In fairness, here is an excerpt of what Mr. Deserino wrote in response to my post, which I offer without comment (it is an excerpt only because he is a paragraph man, not a sound bite guy, and even blogs have de facto space limitations):

In my view I like the board, I like Mr. Bennet, and I like the Denver Plan, but I believe that it needs help. This school district needs the voice of teachers, which are one of the responsible parties for educating Denver’s kids, and a start would be to allow them to do what they are trained to do, teach. Currently our Chief Academic Officer for Denver Public Schools and his team, all of whom have either never taught or it has been some time since they have, dictate academic policy to the professionals and in doing so deter our kids from academic choice, and t eachers from teaching the whole child.

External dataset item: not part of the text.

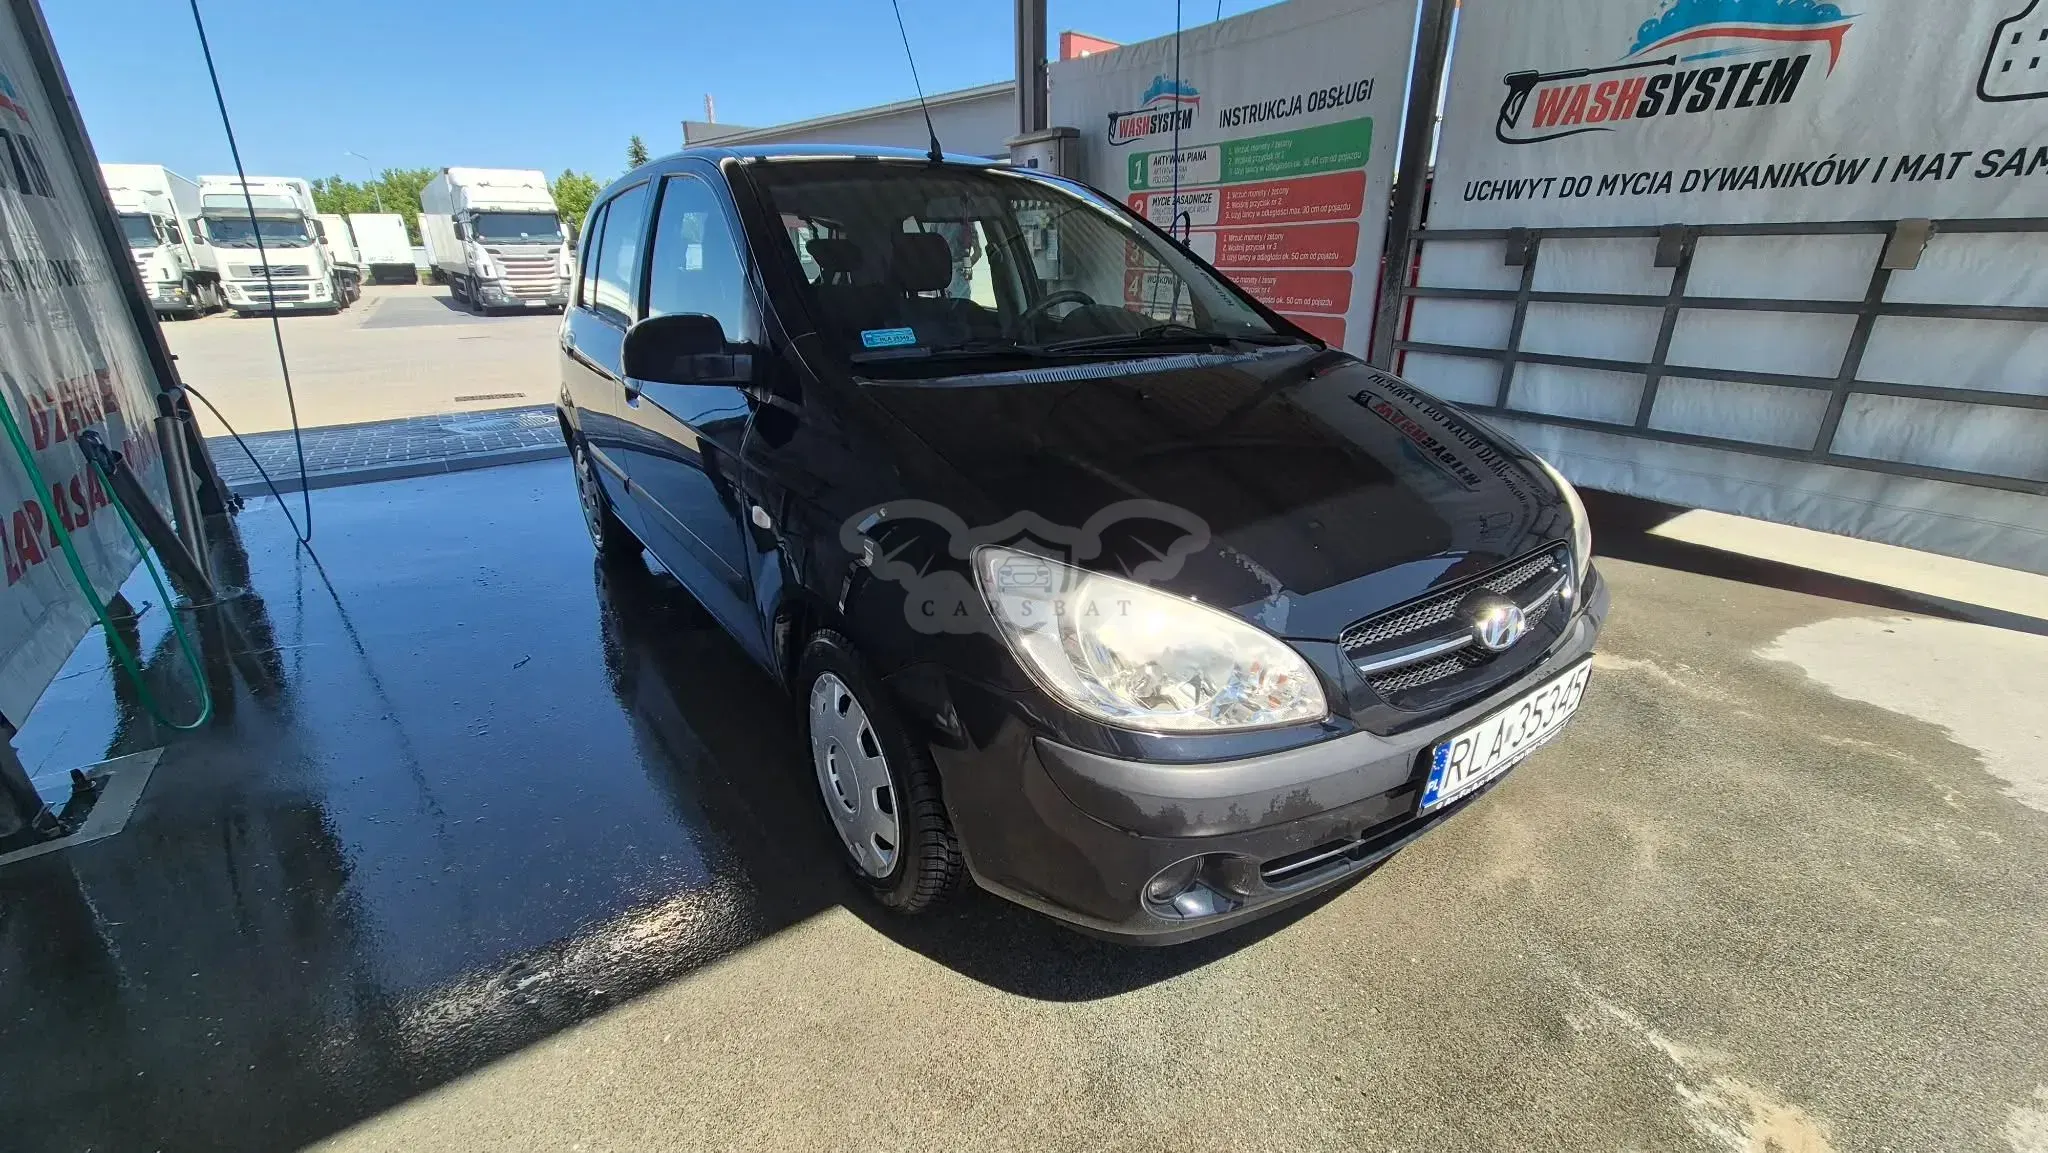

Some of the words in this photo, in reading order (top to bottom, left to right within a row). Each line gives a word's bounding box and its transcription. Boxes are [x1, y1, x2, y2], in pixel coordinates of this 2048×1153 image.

In making education academically fun again, I want to bring back choice. Surely you can remember when you were a student that course offerings were more than just the three R’s. Yes, the rudiments of education are important, but if all you want in society are graduates who have no sense of self, or lack of history and art education for example, than the result is sheep. . . . In the time that I have been working in this district I have watched, for example, the dismantling of social studies as a core curriculum, and in most cases it has been done without the Board of Education’s knowledge. Wishing for a dramatic rise in CSAP scores is nothing but a pipe dream. Choice is but one strategic way that will bring parents and kids back to this district, and in turn help to relieve our money issues. It is delusional to believe that the only reason parents have left and will return to this district is simply because of a test score. . . . the advice that seven Board members have been receiving from the curriculum department has been misleading. . . . A board of education should have as a responsibility / objective to make education academically challenging, by offering students and parents choice, and teachers the autonomy to deliver an understandable instruction. Whether or not this district is “ill suited” is not, I believe at issue as it is the Boards obligation to support a learning environment inclusive of all involved parties rather than cater to only one point of view.